So since 50% and above the Repo Linked rates were there -- so that we have passed on immediately. In fact, in our bank, immediately on the next working day, we pass on those benefits. But to that extent, we have not gone for the deposit repricing. In fact, we are very
mindful of the deposits, the scenarios, dynamic situation and keeping the customers' interest also because we have 18 Crore plus customers, and they have a lot of faith in our system.
So we thought that let us continue that deposit rate. That is the reason in the Q3, we have not cut much the deposit rate. We have kept it intact. And that is the reason that has impacted our -- the overall NIM. And going forward, what we are seeing that we had one special scheme where we had mobilized more than INR 248,000 crores. That deposit was for 440 days.
And that scheme was there till March 2025. Now from 1st April 2025, this scheme was withdrawn. Now those deposits are getting repriced. 70% repricing has already happened by December’25. And 21% is going to be repriced in the fourth quarter, this quarter and 9% still it will get repriced in the first 2 months of first quarter of '26- '27.
So entire deposit repricing will happen by somewhere in the month of May 15. By that time, this entire thing, which is there at 7.25%, it will at least 60 to 70 basis points, the reduction will happen in when the repricing happens. And you all know that -- see all these impacts will be visible after 6, 7 months now. So I am expecting that by Q2FY '27, at least the impact of these things will be visible in the system.
Sure. Got that. And secondly, with respect to growth, so still in terms of the guidance, we are at 11% to 12%-odd, while maybe year-to-date growth itself is like, say, 10.5% to 11%. So would we be seeing some kind of traction on the corporate side or we should able to... Sorry to interrupt.
Credit growth, I am expecting that as of now, 9 months credit growth is 10.9%. And I am confident that this 11% to 12% guidance which we have given by March also, we will be crossing this guidance. Deposit growth guidance also 9% to 10% we have given. And as of now, we are at 8.5%. 100%, we are going to touch around 9% of the deposit growth.

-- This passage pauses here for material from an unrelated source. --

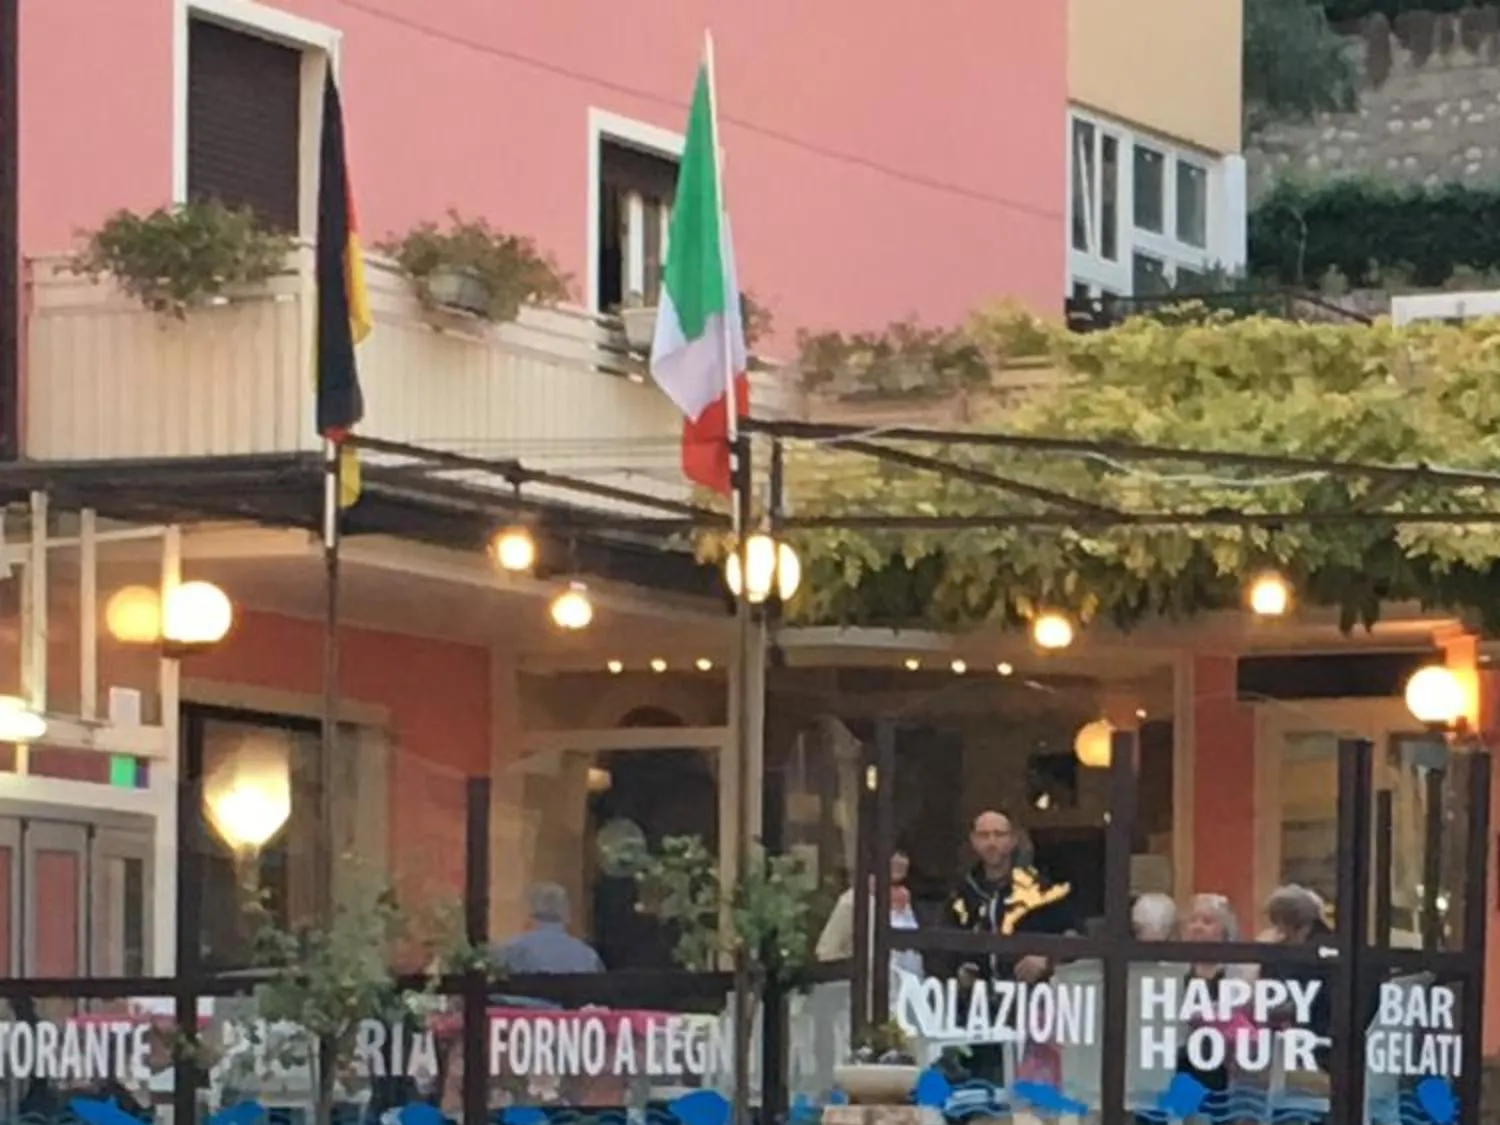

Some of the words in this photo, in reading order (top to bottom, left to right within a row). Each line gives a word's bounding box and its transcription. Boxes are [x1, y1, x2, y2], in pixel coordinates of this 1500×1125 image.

So there has been good momentum in the system, and we are encashing those opportunities. At the same time, there are some low-yielding advances are there in the corporate book. That also we are selling it and we are replacing it with high-yielding advances.
Otherwise, our corporate loan book would have grown more than 11% to 12%. So we are also ensuring that all those -- the low-yielding advances, slowly, we should replace it with high- yielding advances. And that is the reason corporate loan book is still at around 9.5%.
And this would continue even in the next quarter. So that's the reason like even after 11%-odd we are saying that 11% to 12% is the only guidance and not revising it to like 13%, 14%-odd or so?
Yes. In this quarter also, we are going to shed some deposits, corporate loan book. And that is the reason I am still holding that 11% to 12% growth will be there, overall credit growth. Got it. Perfect. Thanks a lot.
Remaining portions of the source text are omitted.